Their conclusion, which is the same, apart from the fact these two therapists have never met, is that Joseph has some hypermobility in his joints, which is impeding his ability to bear weight and to walk. Again, this can be sign that something is wrong, often in CP what can start as hypermobility then goes the other way, into spasticity and rigid muscles. They are both of the opinion that Joseph's hypermobility is just due to his prematurity and as he starts to bear weight more, will settle down.
It is difficult for me at the moment. I am going into that "this time last year" syndrome I had last year, and possibly will every year, that I will blog about in due course. But in a nutshell, that awful sensation that this is all my fault. That my inability to carry Joseph to term, in a non toxic environment, has made his life difficult, more difficult than it should be. Our consultant isn't great at differential diagnosis. Once she has an idea in her head, that's it. Afterall Joseph was the child whose stomach was so badly damaged, that he would never eat and would be tube fed for life. I also had to fight against aggressive tests when Joseph was experiencing "seizures", that were not seizures at all, but that's another story. So trying to tell her "look, yes I agree it could be CP, but I think its just down to his prematurity" is not working.

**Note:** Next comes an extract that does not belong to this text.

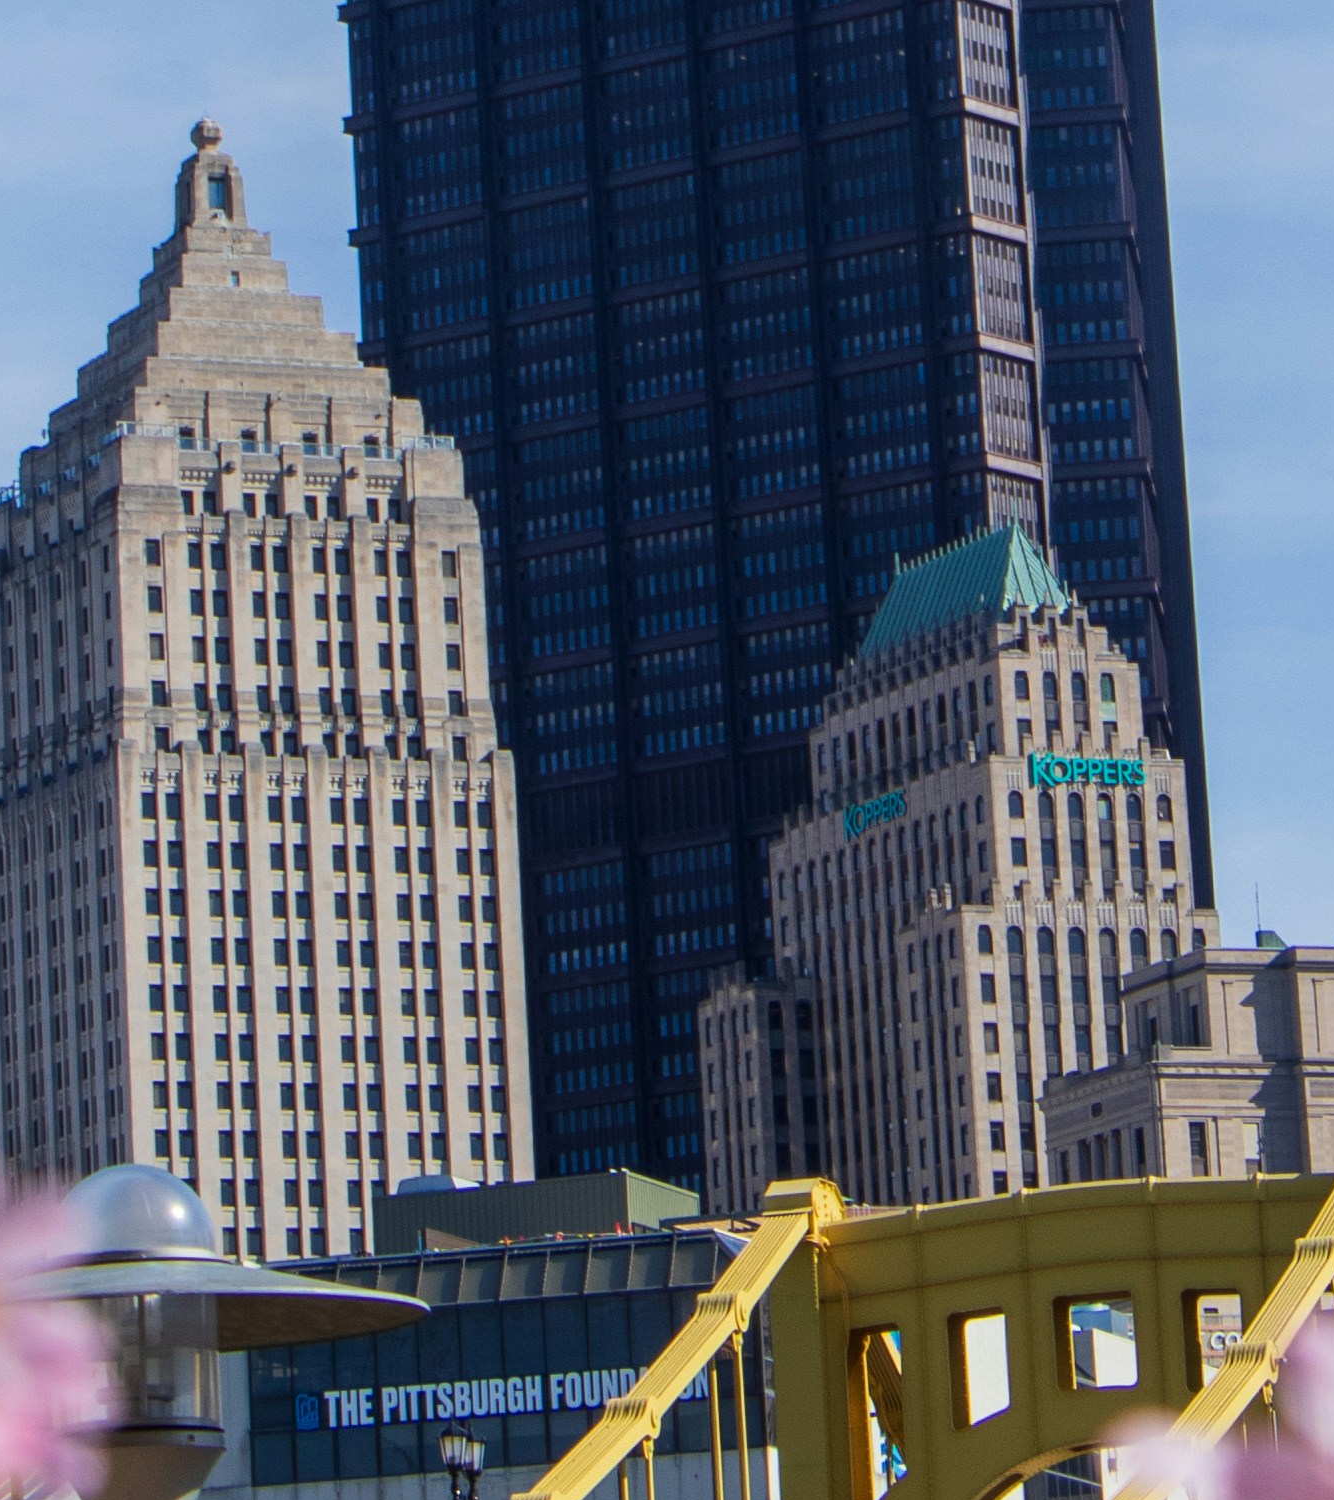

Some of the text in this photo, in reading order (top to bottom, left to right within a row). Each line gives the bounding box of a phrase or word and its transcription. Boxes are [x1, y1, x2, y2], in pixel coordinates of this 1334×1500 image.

[1030, 751, 1147, 787] KOPPERS
[843, 788, 907, 842] KOPPERS
[324, 1363, 709, 1428] THE PITTSBURGH FOUNDN
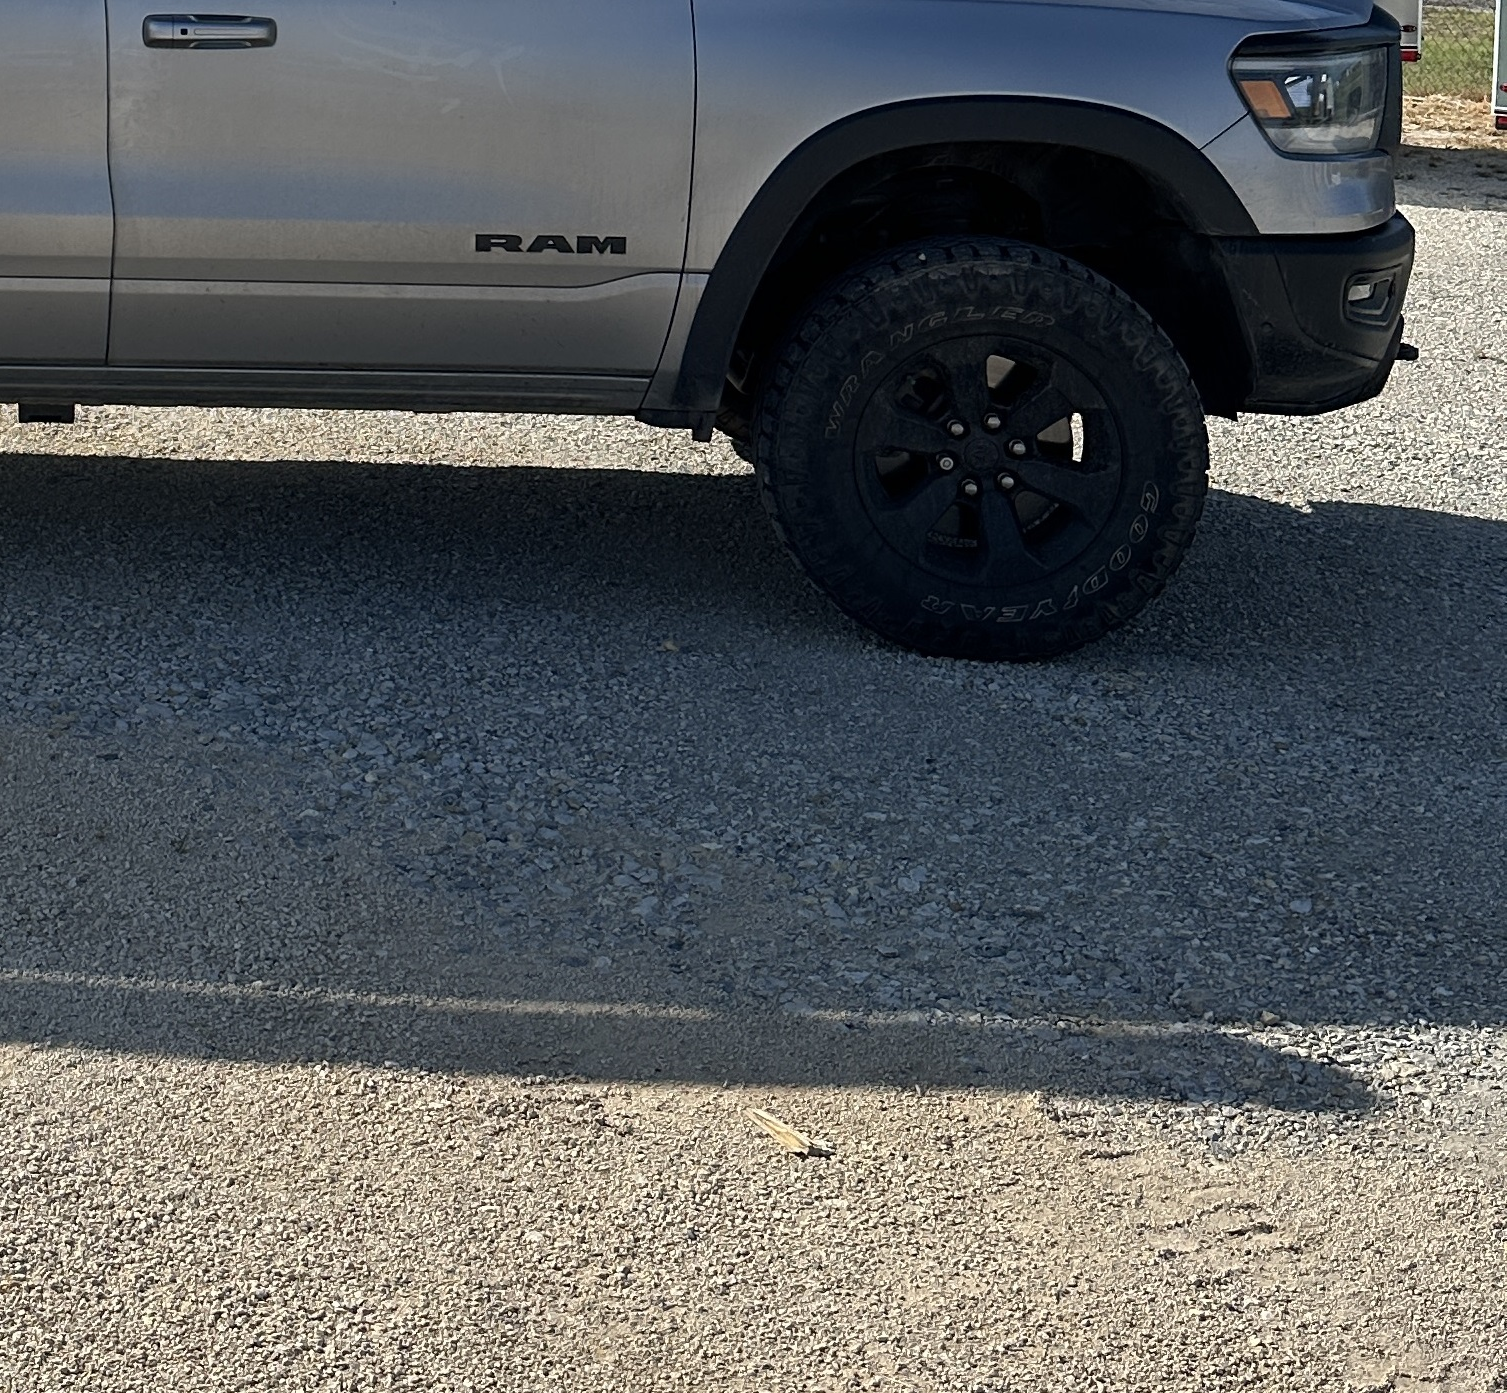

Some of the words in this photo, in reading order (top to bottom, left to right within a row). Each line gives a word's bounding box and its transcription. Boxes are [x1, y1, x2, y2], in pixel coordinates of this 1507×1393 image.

I am finding it wearing trying to fight for my child. Deep down, if I ask myself, do I think he has CP? My gut instinct is telling me he absolutely does not, that he's doing what he always does, and waiting for his moment to shine. And I'm not ignorant about such things. I worked with adults with disabilities when I first had a job after university. For five years. And four of these chaps were premature, born in the 1950's and 1960's when the treatments at birth were not as good as they are now. All four of these chaps had CP, in varying degrees of severity but all were wheelchair bound.
Joseph is doing steps, its just not at all his preferred method of getting around. However, yesterday, after crawling all over a shopping centre whilst we were having morning tea with a good friend of ours, he then turned it on when we met my husband at his office. Joseph happily walked (although he looked like he'd had a couple of pints!) between desks, and generally had a ball.
Joseph's consultant does not find it significant that Joseph comes from a lengthy tradition of late walkers, I didn't walk til 2 and a half. My husband didn't walk until 4, but he had underlying issues. I think its very significant personally.
I feel a bit upset because I always said I wouldn't at all be concerned until Joseph was 2 corrected, which isn't until August. I did ask the consultant to hold off, but she refused. So here we are, going through appointments, fitting for orthotics, and I think, wasting NHS money to cure a problem that doesn't exist.
So please, Joseph, when we attend orthotics in two weeks, then, my little man, could be your time to shine! And save the NHS some much needed cash!
EDIT: Joseph can read - I wrote this at around 8am this morning. At 2pm Joseph walked from our local supermarket to the pharmacy and back again. Without holding hands.